# F1b & F2 & F3 Cockapoos



## JoJo

As you all know I love the further generations and different mixes possible in this wonderful breed ... 

I and many more on here would love to see pics of all F1b, F2 and even F3 cockapoos.

Oh I can't wait to see your lovely cockapoos   show them off here .... pretty please ...


----------



## cockapooplace

Yes please, I too would love to see further generations.

Thanks!!!


----------



## Bertie Brown

Me too good thread JoJo 

Clare and Bertie


----------



## JoJo

Come on cockapoo owners .. lets see some beauties on here...

Biscuit ... I think you should start it off... stunning example of an F1b 

As many of you know I love the F1b mix and further generations ..


----------



## Jukee Doodles

Yes - I also agree with JoJo - it would be lovely to see as many options as possible.
I had initially planned a full gallery of the various possible mixes for the CCGB to host but we had so few come forward back then - so I think if we get enough submissions we'd look put a gallery up on the site too X

Stephen X


----------



## JoJo

Jukee Doodles said:


> Yes - I also agree with JoJo - it would be lovely to see as many options as possible.
> I had initially planned a full gallery of the various possible mixes for the CCGB to host but we had so few come forward back then - so I think if we get enough submissions we'd look put a gallery up on the site too X
> 
> Stephen X


Hi Stephen ... as you know I am really into the further generations and mixes, and find it so interesting the differences possible in appearance and coat types ... 

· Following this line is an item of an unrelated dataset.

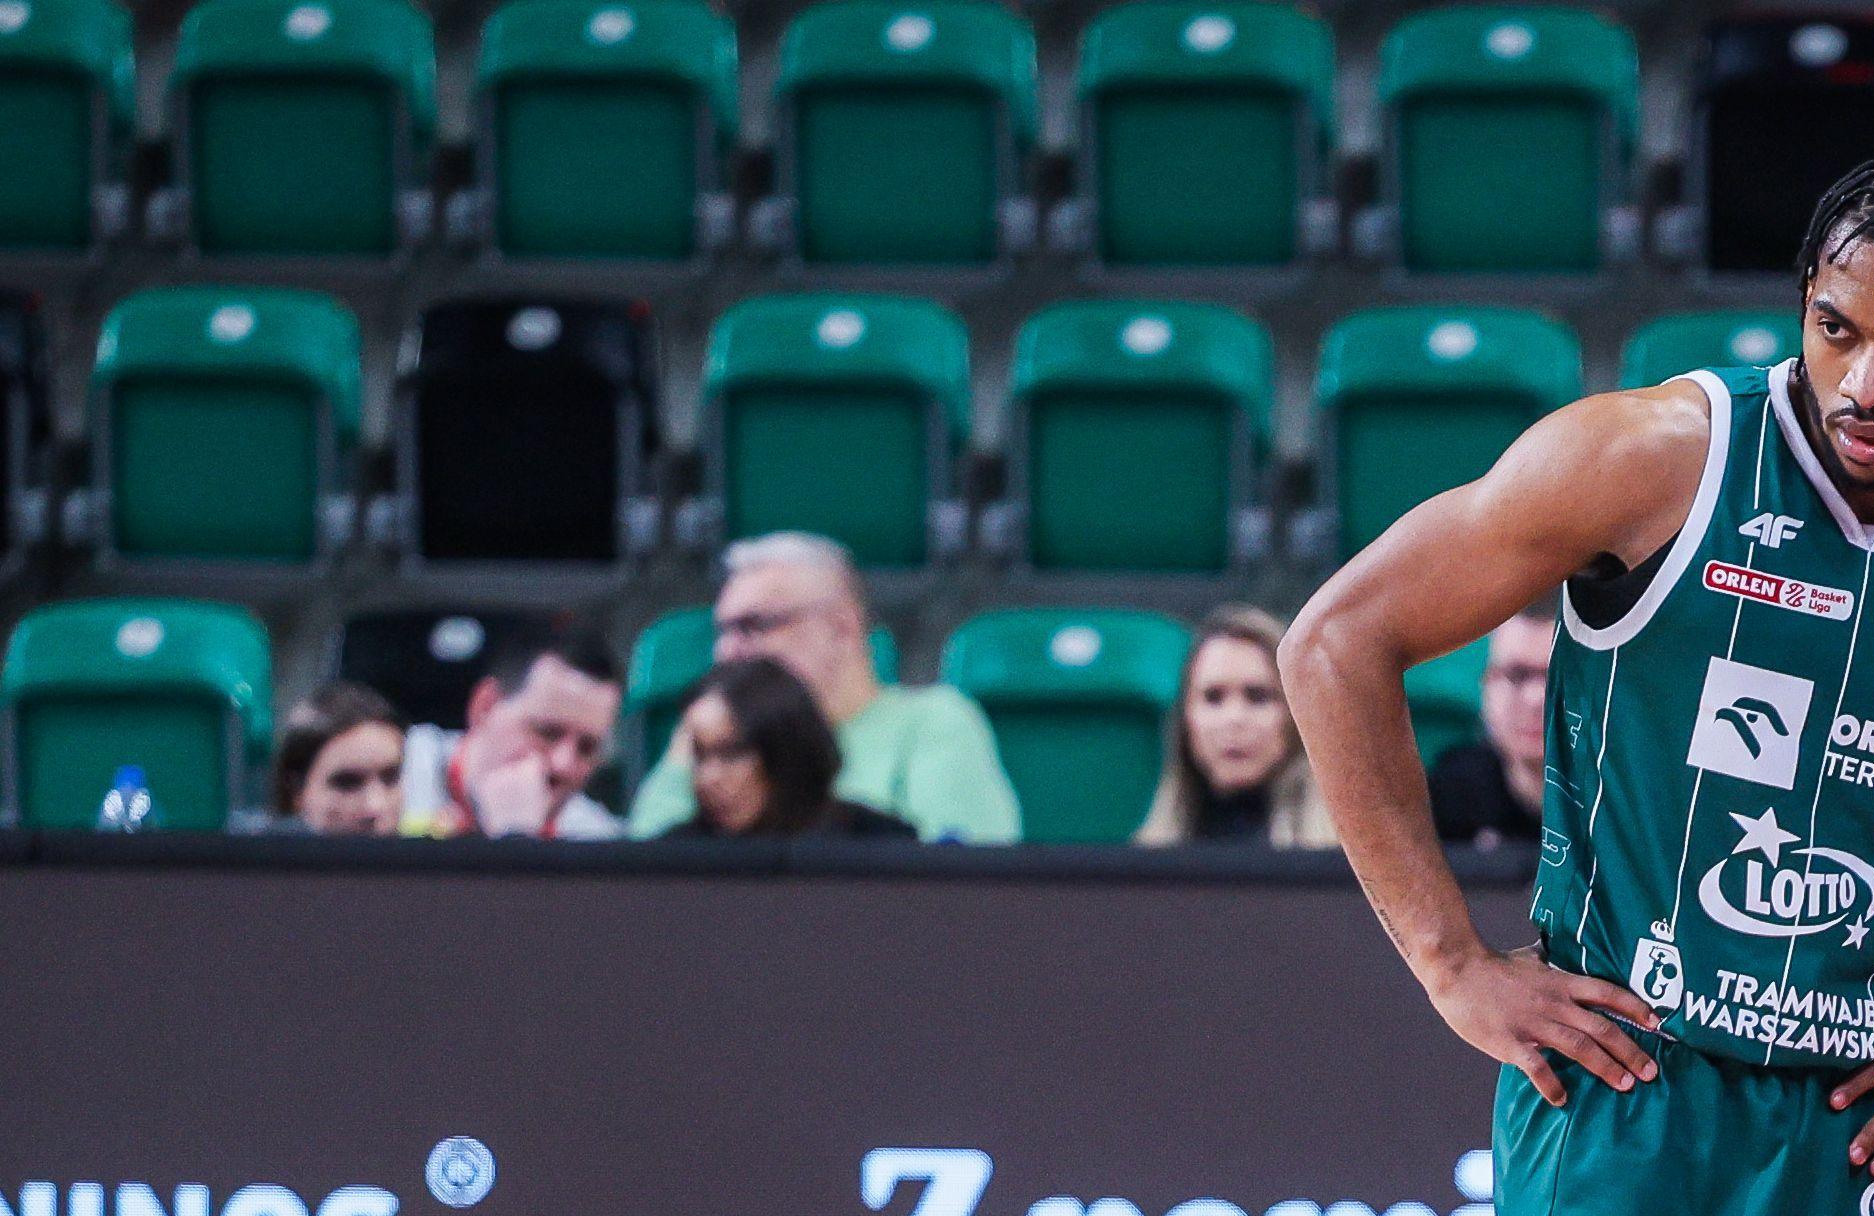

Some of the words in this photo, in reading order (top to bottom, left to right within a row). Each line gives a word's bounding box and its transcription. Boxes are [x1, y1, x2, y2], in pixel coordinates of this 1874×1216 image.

A few in my cockapoo coat colour catalogue (Dino, Ruby, Oakley, Biscuit, Quica, Pyper).. but would love to see more ... 

I am aware the F1b mixes are becoming more popular due to the coat texture, so I would love to see more


----------



## RubyCockapoo

I posted this recently to show the white in Ruby's (F2) coat










..it's just on her back

Ian


----------



## Janev1000

OK - a few of Biscuit! He has a very soft fleecy coat. 
















Very tired!
[IM


----------



## Janev1000

Sorry - my computer has gone AWOL today! Here is the one of him very tired!


----------



## Bertie Brown

Gorgeous photos of Ruby and Biscuit. What 'mix' is Biscuit?

Clare and Bertie


----------



## Janev1000

His mum is an american toy cockapoo from Jandaz and dad is a small miniature poodle - although I can't see much american in his face to be honest, especially in his early pics. Maybe more influence from the poodles?


----------



## Bertie Brown

D'oh silly me I've just noticed it says what Biscuit is in your signature American F1B, I tell you if I had a brain I'd be dangerous - lol - thanks for replying.

Clare and Bertie


----------



## mandym

Pyper is an f4 merle cockapoo,she is from calafornia,ive included a little video of her with her litter mates in america,pyper is the only blue merle in the litter xxx




























video of the litter


----------



## jaimebpa1

Olive is an American F2 and is 4 months old now. I can't wait to see what she'll look like as an adult. She is already changing so quickly. She is smaller than i thought she'd be though. I know she still has growing to do, but i don't think she'll be as big as her cockapoo parents.


----------



## JoJo

Ruby is F2 ... beautiful curls  

Ref the white in her coat, don't worry Picnic has this and she is almost 8 months old, quite common in the darker coats... a random white hair look  I will get some pis to show you. 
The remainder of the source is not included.